§ **Source information**
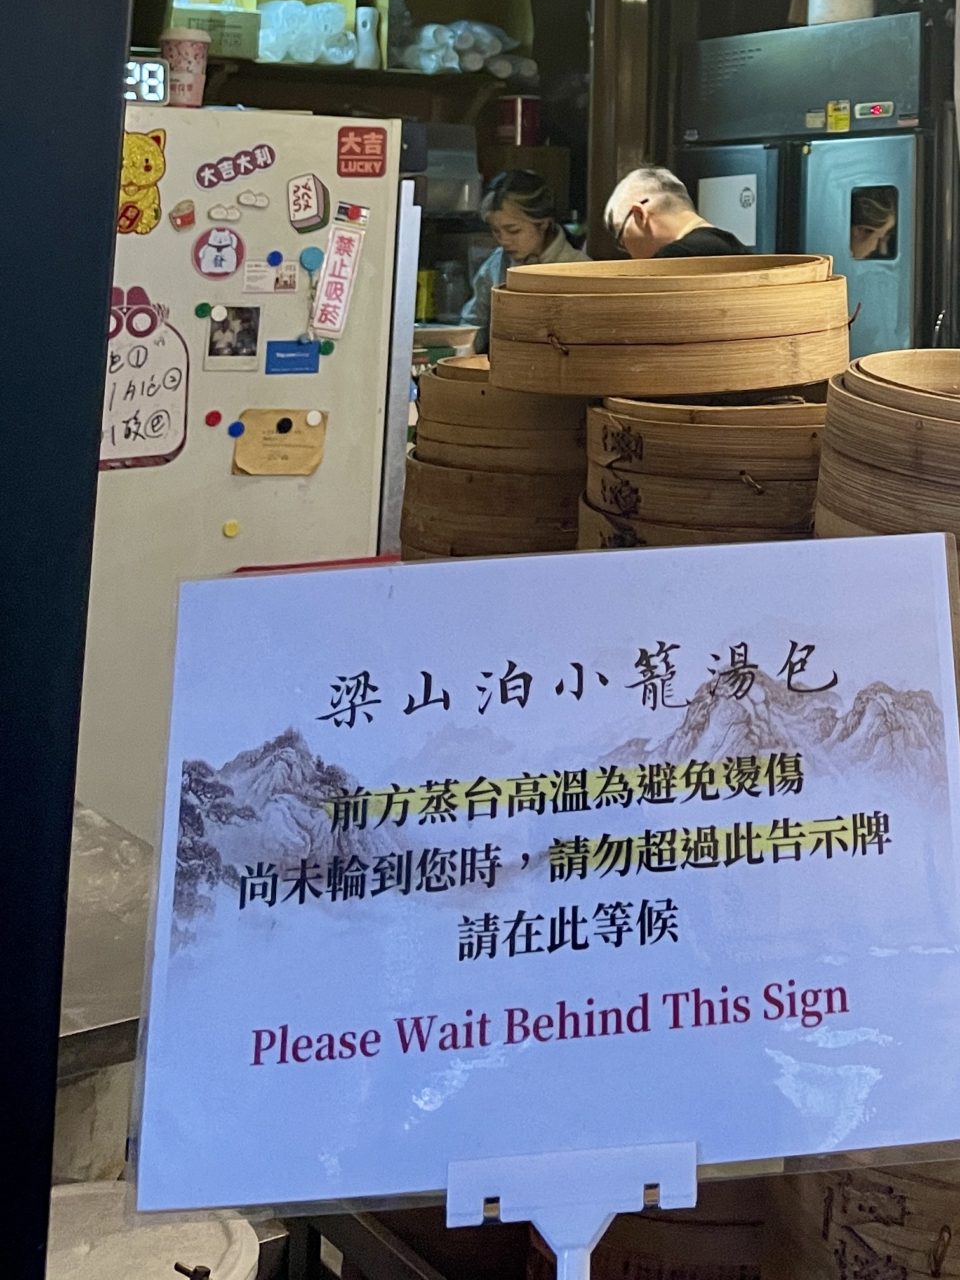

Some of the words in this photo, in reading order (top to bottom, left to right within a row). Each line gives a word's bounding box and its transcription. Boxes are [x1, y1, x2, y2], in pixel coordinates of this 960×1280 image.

[200, 146, 272, 187] 大吉大利
[340, 131, 384, 155] 大吉
[341, 161, 382, 173] LUCKY
[318, 235, 355, 326] 禁止吸菸
[315, 640, 838, 729] 梁山泊小籠湯包
[330, 752, 804, 830] 前方蒸台高溫為避免燙傷
[238, 810, 892, 910] 尚未輪到您時，請勿超過此告示牌
[457, 897, 680, 961] 請在此等候
[250, 1022, 381, 1066] Please
[395, 1011, 491, 1053] Wait
[505, 993, 651, 1044] Behind
[662, 985, 751, 1031] This
[762, 978, 850, 1028] Sign
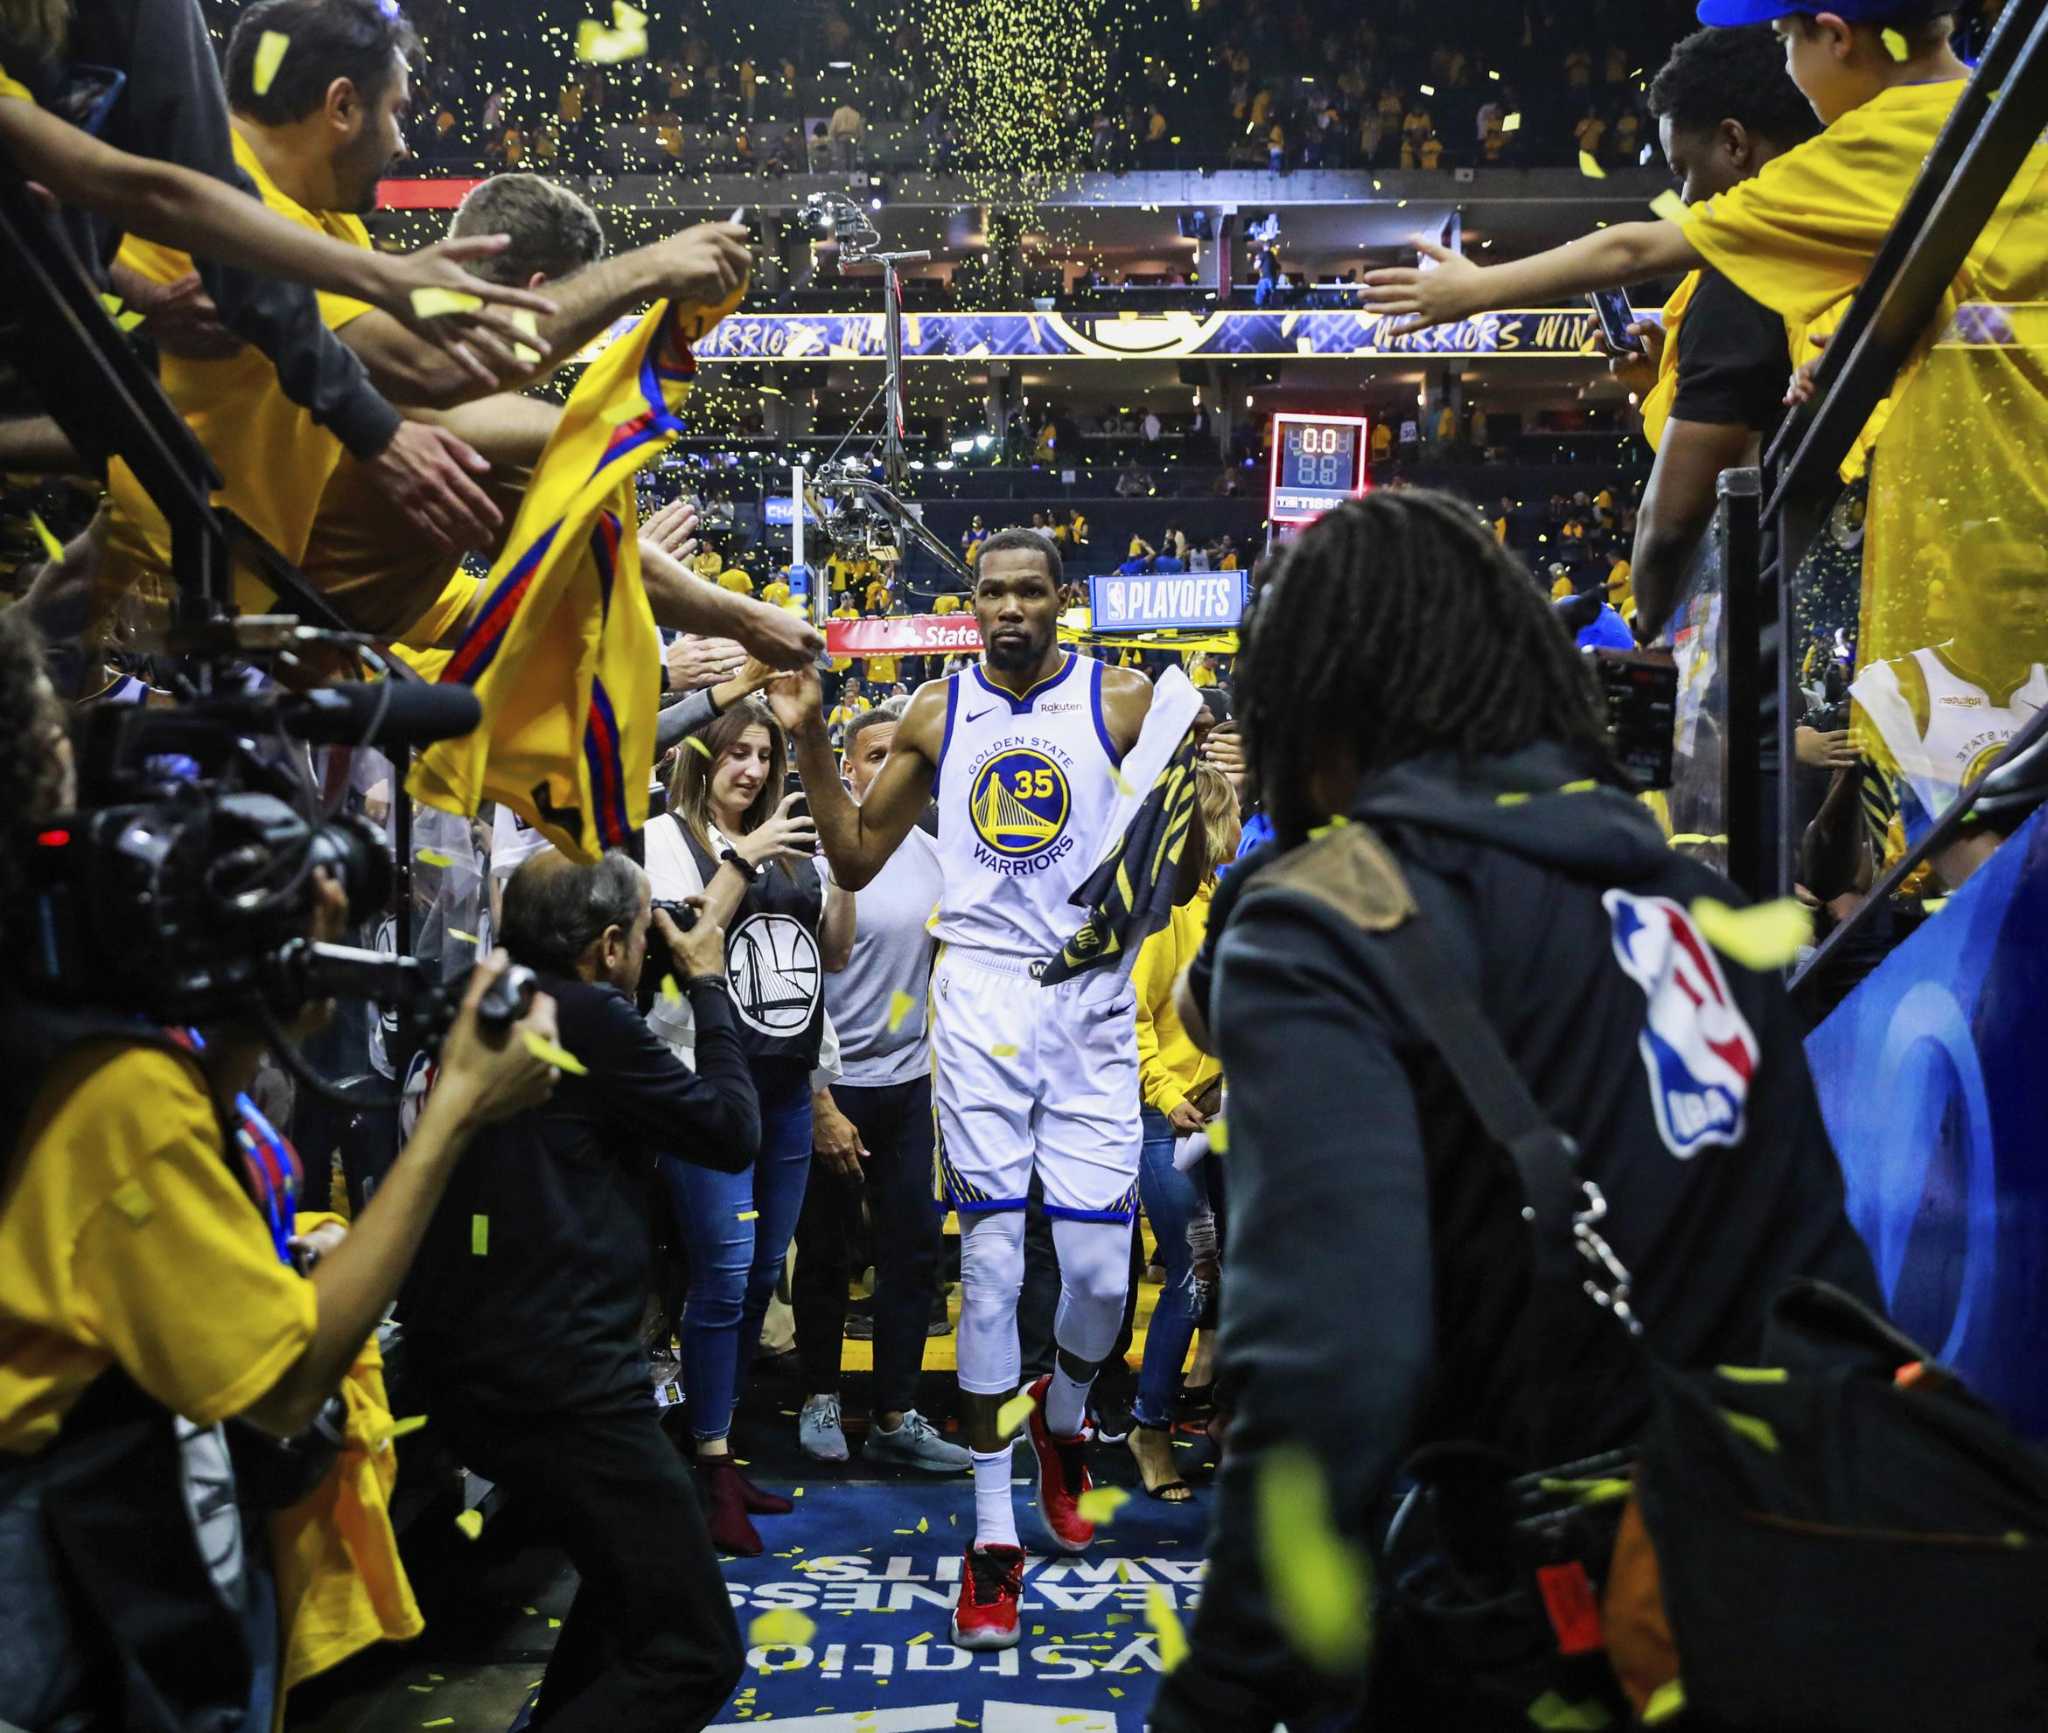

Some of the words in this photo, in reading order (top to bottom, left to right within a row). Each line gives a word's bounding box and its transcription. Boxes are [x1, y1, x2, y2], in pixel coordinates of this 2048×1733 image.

[691, 321, 828, 356] ARRIOS
[1534, 314, 1589, 348] WIN
[1128, 578, 1230, 619] PLAYOFFS
[925, 625, 977, 646] State
[1040, 702, 1082, 715] Rakuten
[968, 736, 1025, 775] GOLDEN
[1031, 736, 1074, 769] STATE
[1014, 769, 1054, 799] 35
[973, 834, 1074, 876] WARRIORS

§ **The problem**
Everything in the material above must be repeated exactly, apart from its pictures.

§ **Exercise solution**
Some of the words in this photo, in reading order (top to bottom, left to right within a row). Each line gives a word's bounding box and its transcription. Boxes are [x1, y1, x2, y2], in pixel coordinates of this 960×1280 image.

[200, 146, 272, 187] 大吉大利
[340, 131, 384, 155] 大吉
[341, 161, 382, 173] LUCKY
[318, 235, 355, 326] 禁止吸菸
[315, 640, 838, 729] 梁山泊小籠湯包
[330, 752, 804, 830] 前方蒸台高溫為避免燙傷
[238, 810, 892, 910] 尚未輪到您時，請勿超過此告示牌
[457, 897, 680, 961] 請在此等候
[250, 1022, 381, 1066] Please
[395, 1011, 491, 1053] Wait
[505, 993, 651, 1044] Behind
[662, 985, 751, 1031] This
[762, 978, 850, 1028] Sign

Some of the words in this photo, in reading order (top to bottom, left to right within a row). Each line gives a word's bounding box and its transcription. Boxes are [x1, y1, x2, y2], in pixel coordinates of this 2048×1733 image.

[691, 321, 828, 356] ARRIOS
[1534, 314, 1589, 348] WIN
[1128, 578, 1230, 619] PLAYOFFS
[925, 625, 977, 646] State
[1040, 702, 1082, 715] Rakuten
[968, 736, 1025, 775] GOLDEN
[1031, 736, 1074, 769] STATE
[1014, 769, 1054, 799] 35
[973, 834, 1074, 876] WARRIORS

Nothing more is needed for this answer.